Though the teams are tied 3-3 through six games of these Western Conference Finals, Houston generally has been the grittier team, the desire and even desperation visible on the faces of its players.

They’ve looked the part of the hungry challengers, personified by Chris Paul and P.J. Tucker, while the Warriors more often depict the regal champs, basketball royalty epitomized by Stephen Curry and Kevin Durant.

Which largely explains why the only two close games in this series both went to the Rockets. It’s not that they wanted it more. It’s that when things got tight they were more resistant to giving in. They showed an eagerness to spill their own blood. Win or lose, they’ve already proved they are serious about being taken seriously.

For the Warriors to advance to the NBA Finals for the fourth consecutive season, they’ll have to flip that script when the teams meet on Monday -- especially if Paul is able to suit up and somehow be a factor.

The defending champs have to be the more determined, purposeful team. They’ll have to do it at Toyota Center, where the Rockets have won 41 of their last 50 games, counting the postseason.

And it would behoove the Warriors to do it early, eliminating the need for the kind of comeback allowed them to forge a victory in Game 6 at Oracle Arena.

“I know for us, we're going to come out there and be ready to play from the start of the game,” Kevin Durant said.

“I guarantee if we start the game out like we did (in Game 6) and they jump out to the lead, it's going to be 10 times harder to make it a game,” Curry said, referring to the 17-point deficit the Warriors faced entering the second quarter. “So, for us, that's our challenge to have the same mentality we had for the last 36 minutes of tonight and bring that from the jump in Game 7.”

The Warriors of last postseason often played with that feral intensity. The deeper the series, the meaner they became. Being remorseless from the opening tip is how they won 15 in a row before Game 4 of The Finals. Out for vindication after their stunning loss in the 2016 Finals -- the first team ever to go out on three-game losing streak -- the Warriors spent eight weeks on the attack.

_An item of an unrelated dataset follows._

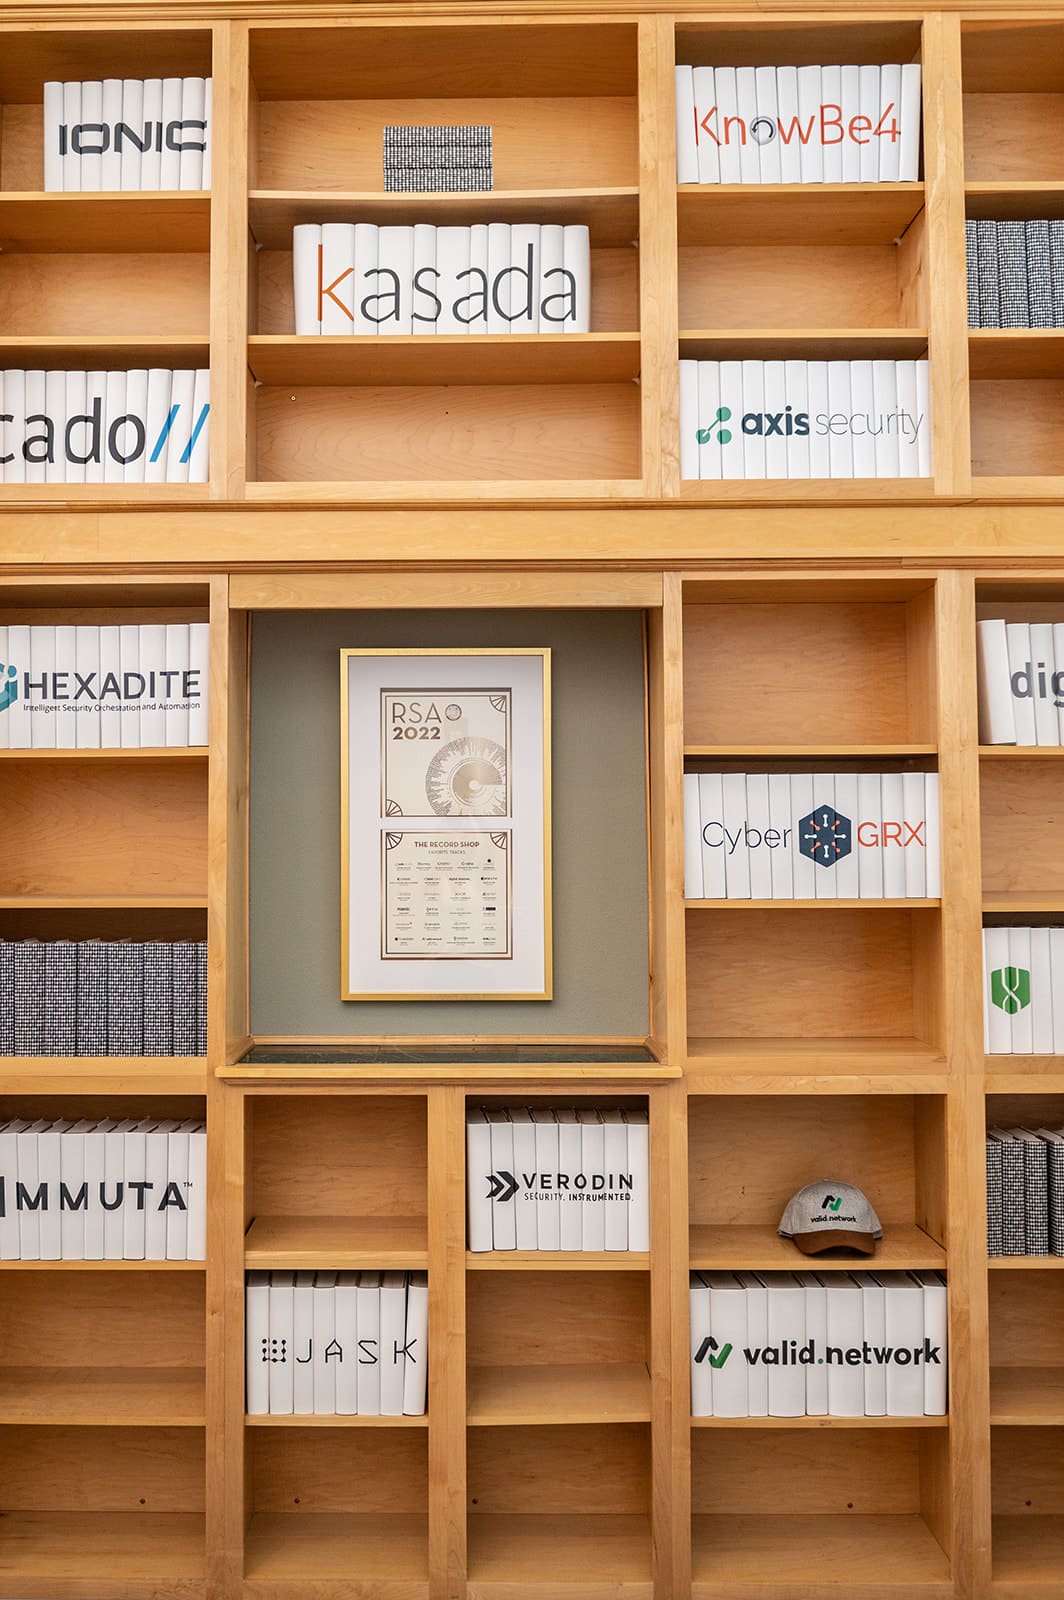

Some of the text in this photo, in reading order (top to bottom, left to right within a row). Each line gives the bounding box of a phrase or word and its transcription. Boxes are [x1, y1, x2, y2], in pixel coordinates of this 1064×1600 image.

That’s how they looked in the second half of Game 1, over the final 45 minutes of Game 3 and over the final 36 minutes of Game 6.

In most all other instances, the Warriors have looked skittish or scattered or oddly disconnected, never more than in Game 4, when they coughed up a 12-point lead over the final 11 minutes.

“We didn’t execute well in Games 4 and 5, down the stretch,” Kerr said. “I give Houston a lot of credit; their defense was great. We just didn’t find a rhythm in either of those games, but particularly down the stretch.

“We’ve had to talk about that as a staff and think about what we would do differently, and we’ve got plans for that.”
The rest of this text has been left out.